» **Task instructions**
Everything in the records below except the pictures must be written out exactly.

[[ Material to process, beginning ]]

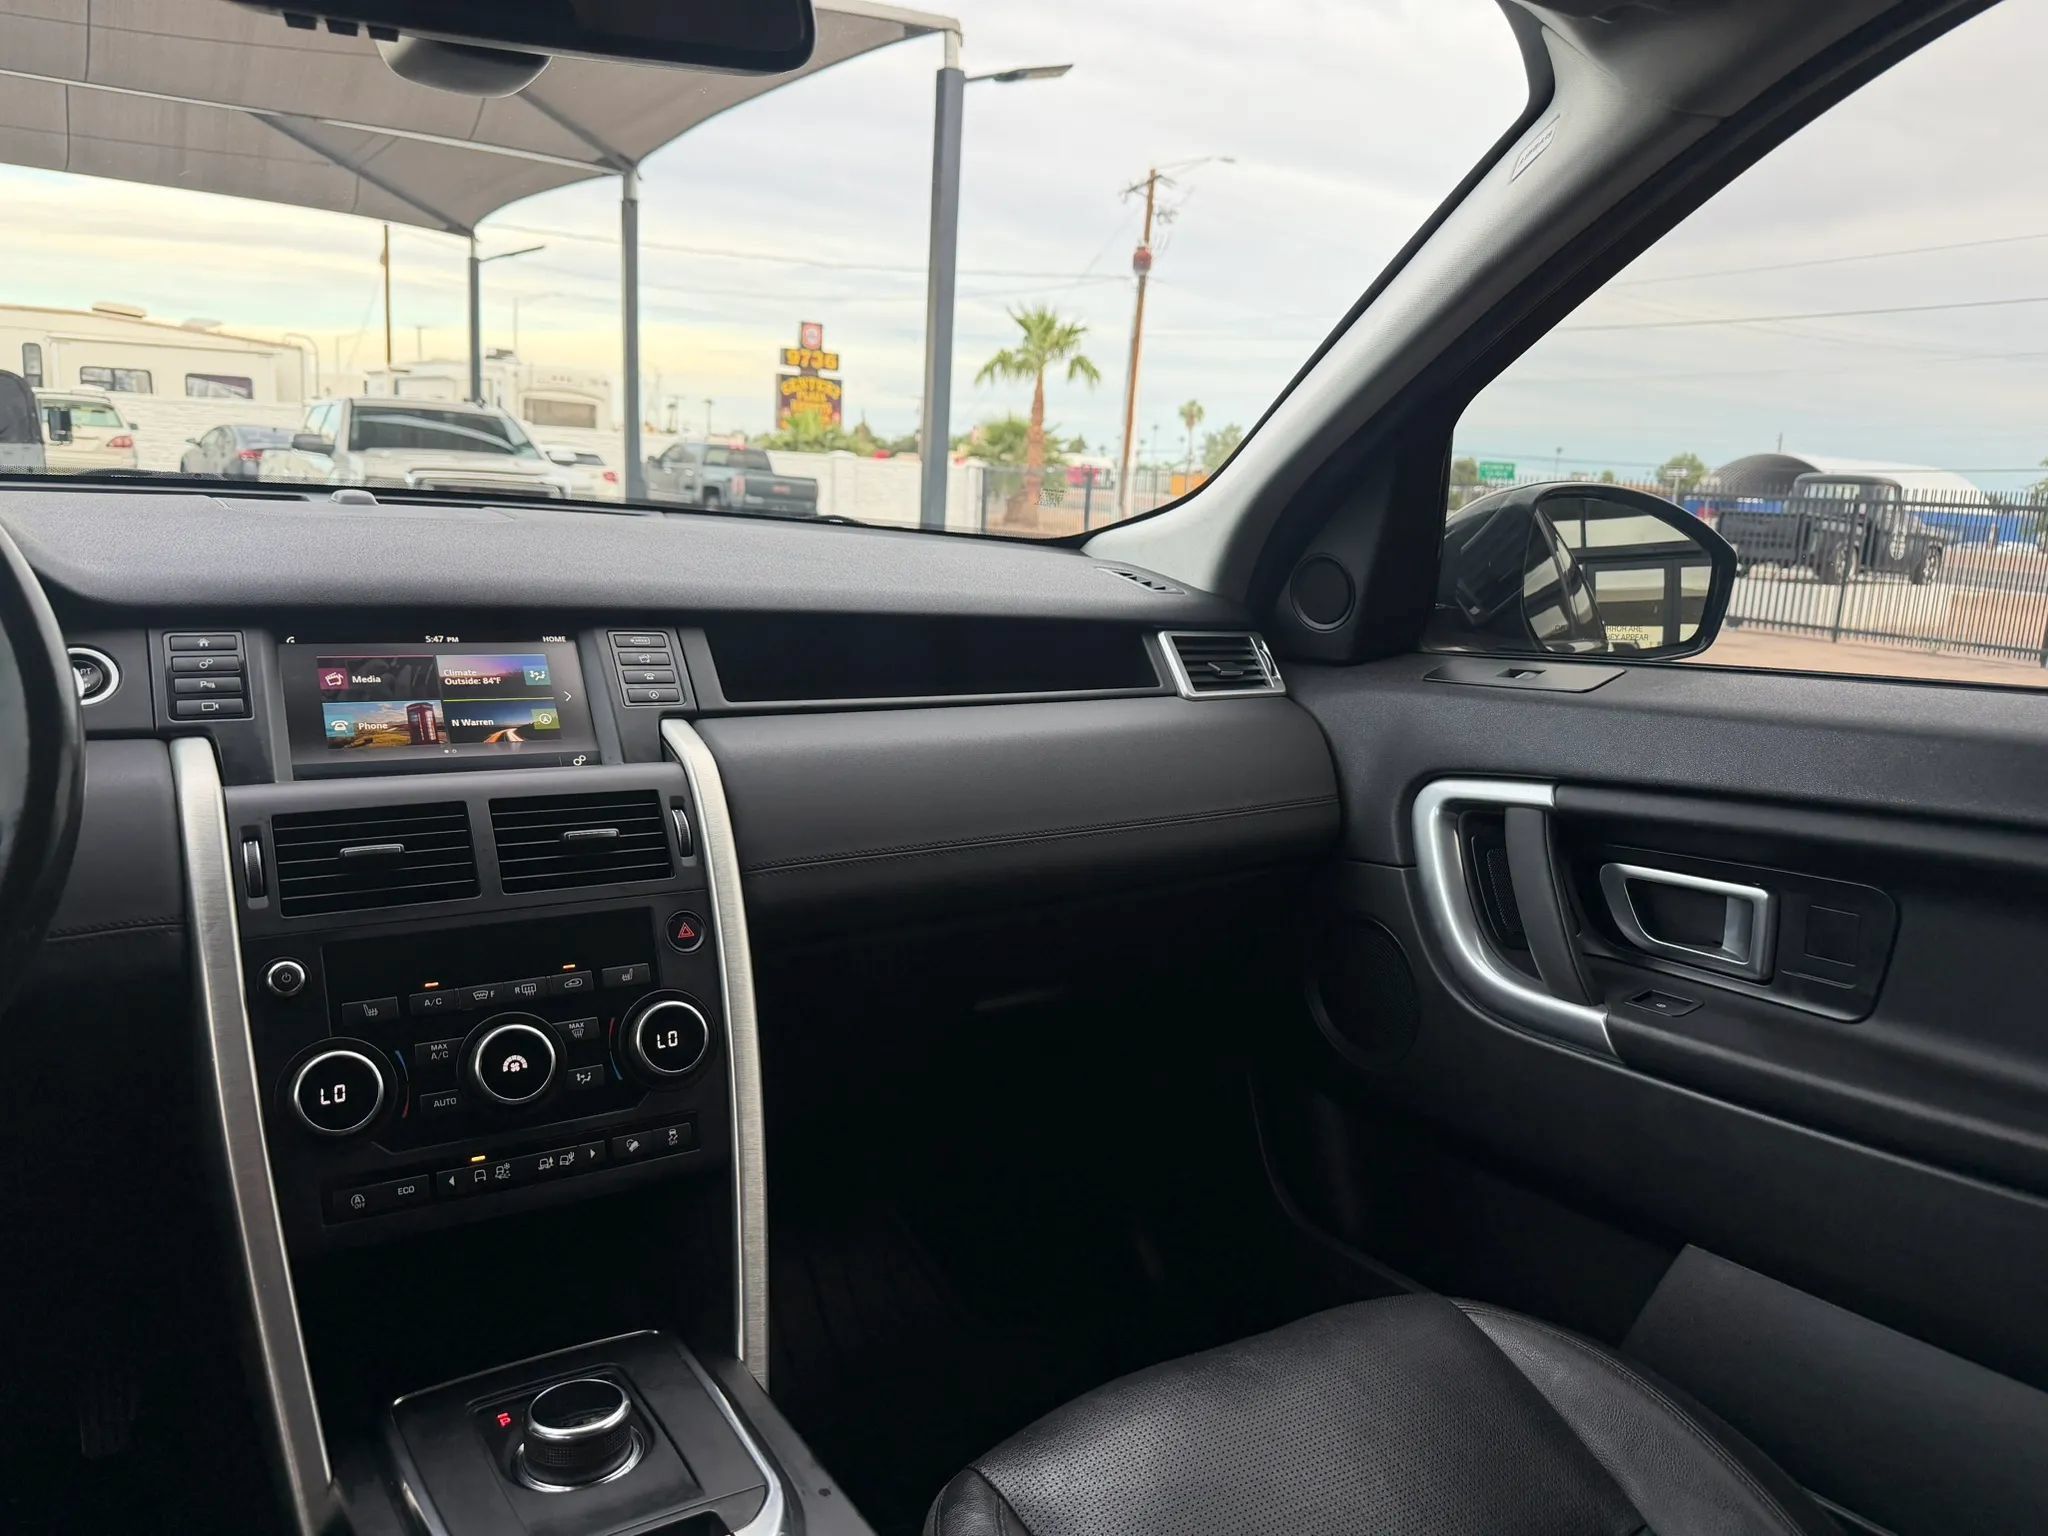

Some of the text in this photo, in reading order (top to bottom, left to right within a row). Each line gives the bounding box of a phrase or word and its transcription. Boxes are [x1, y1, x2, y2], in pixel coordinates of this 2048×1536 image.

[425, 635, 444, 643] 5:47
[542, 635, 567, 643] HOME
[443, 669, 477, 677] Climate
[352, 675, 382, 683] Media
[444, 677, 481, 686] Outside:
[358, 720, 389, 730] Phone
[452, 718, 494, 727] N Warren
[424, 997, 442, 1007] A/C
[430, 1043, 448, 1051] MAX
[431, 1050, 449, 1060] A/C
[433, 1097, 457, 1108] AUTO
[397, 1185, 415, 1196] ECO
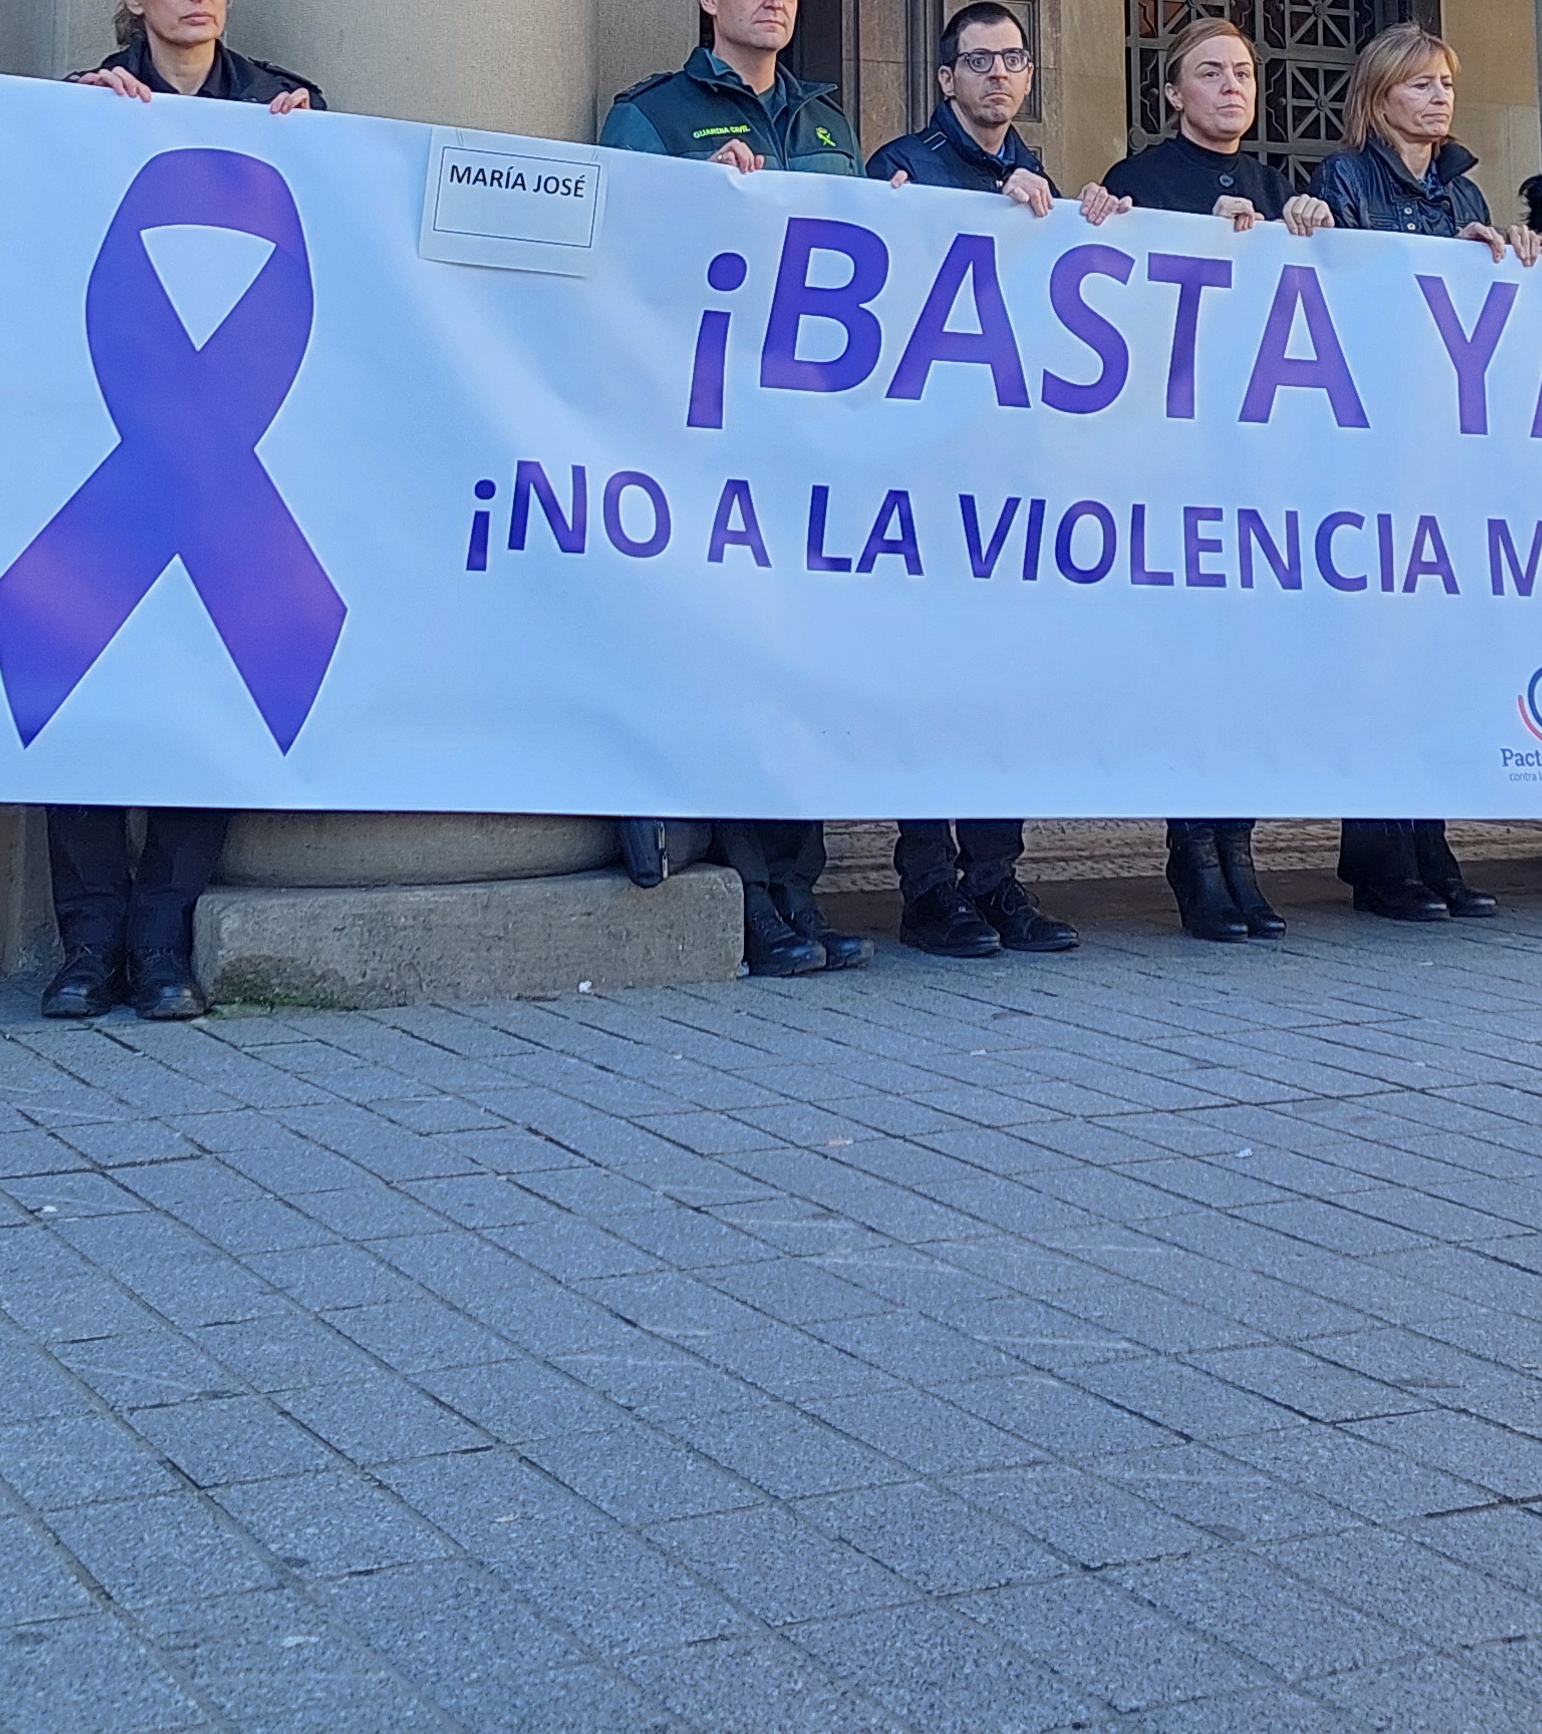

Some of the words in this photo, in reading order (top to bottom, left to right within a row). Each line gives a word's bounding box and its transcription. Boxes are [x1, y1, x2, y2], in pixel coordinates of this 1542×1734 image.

[692, 127, 730, 139] GUARDIA
[449, 164, 526, 192] MARÍA
[533, 174, 586, 198] JOSÉ
[687, 217, 1371, 429] ¡BASTA
[466, 460, 672, 571] ¡NO
[708, 478, 772, 568] A
[807, 484, 925, 576] LA
[958, 494, 1460, 595] VIOLENCIA
[1509, 771, 1537, 781] contra
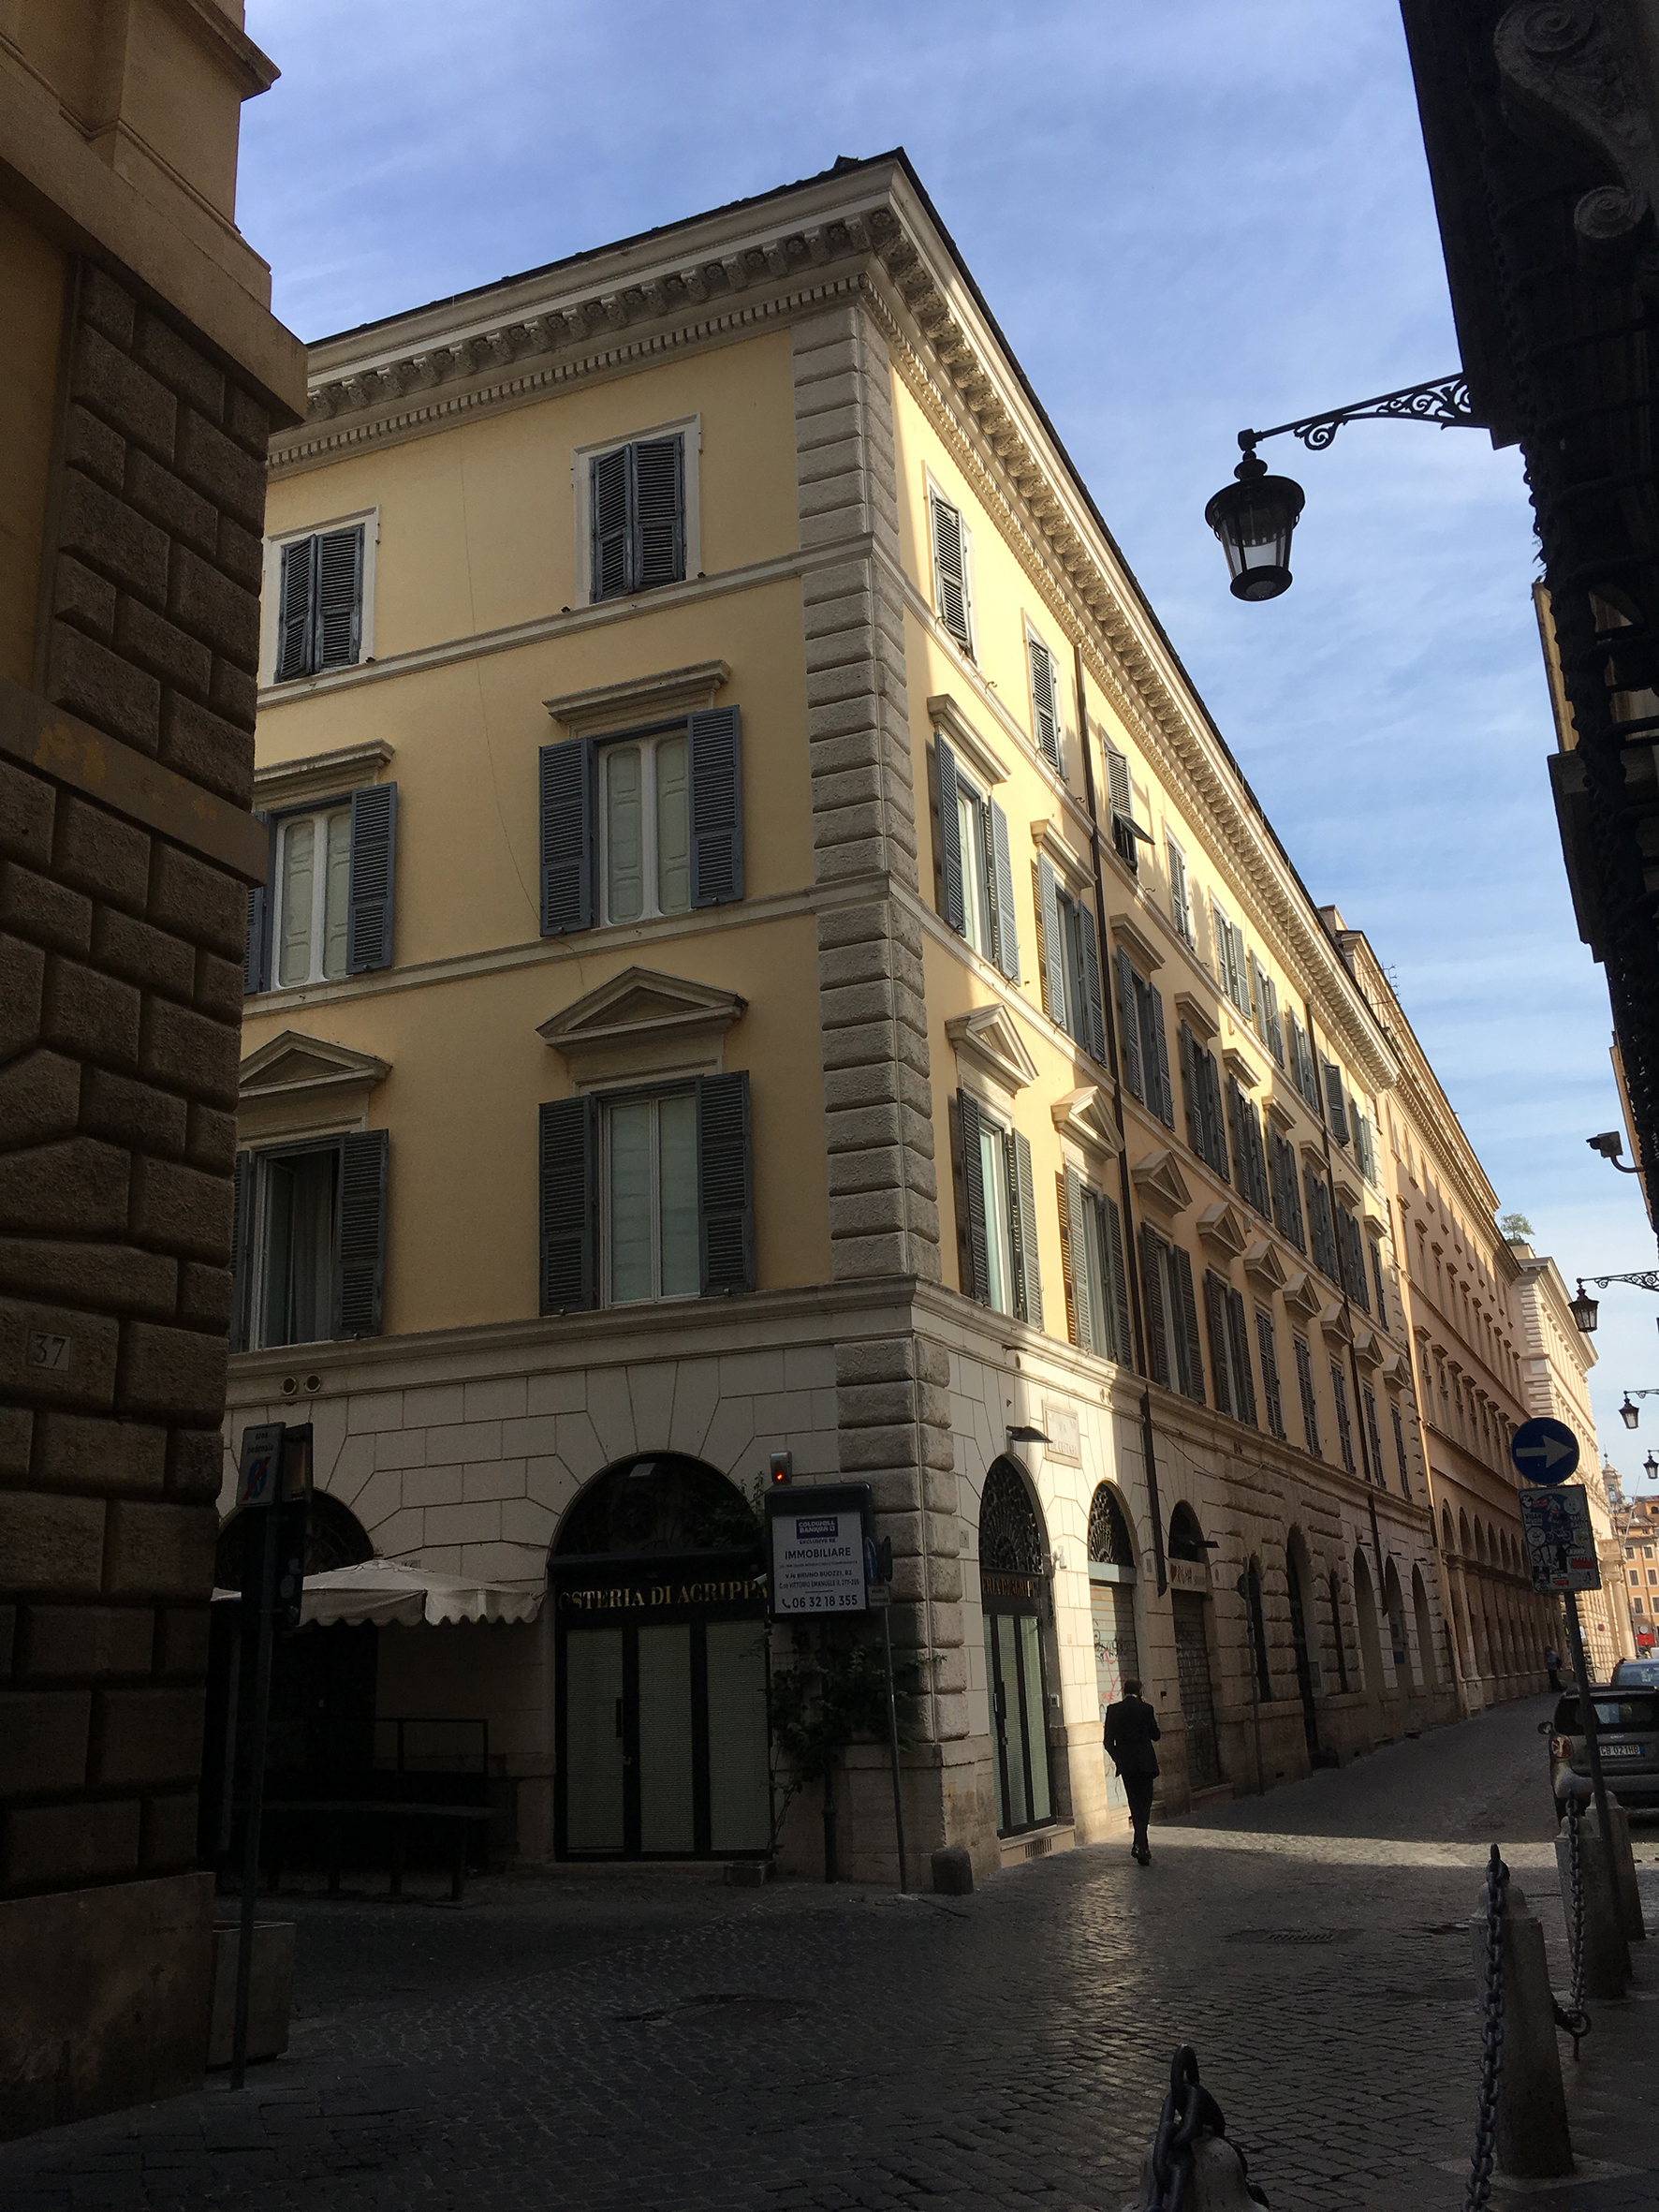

[[ Material to process, end ]]

» **Exercise response**
Some of the text in this photo, in reading order (top to bottom, left to right within a row). Each line gives the bounding box of a phrase or word and its transcription. Boxes are [x1, y1, x2, y2], in pixel coordinates of this 2048×1536 image.

[425, 635, 444, 643] 5:47
[542, 635, 567, 643] HOME
[443, 669, 477, 677] Climate
[352, 675, 382, 683] Media
[444, 677, 481, 686] Outside:
[358, 720, 389, 730] Phone
[452, 718, 494, 727] N Warren
[424, 997, 442, 1007] A/C
[430, 1043, 448, 1051] MAX
[431, 1050, 449, 1060] A/C
[433, 1097, 457, 1108] AUTO
[397, 1185, 415, 1196] ECO

Some of the words in this photo, in reading order (top to bottom, left to right within a row). Each line gives a word's bounding box and its transcription. Boxes are [x1, y1, x2, y2], in pixel coordinates of this 1542×1734 image.

[692, 127, 730, 139] GUARDIA
[449, 164, 526, 192] MARÍA
[533, 174, 586, 198] JOSÉ
[687, 217, 1371, 429] ¡BASTA
[466, 460, 672, 571] ¡NO
[708, 478, 772, 568] A
[807, 484, 925, 576] LA
[958, 494, 1460, 595] VIOLENCIA
[1509, 771, 1537, 781] contra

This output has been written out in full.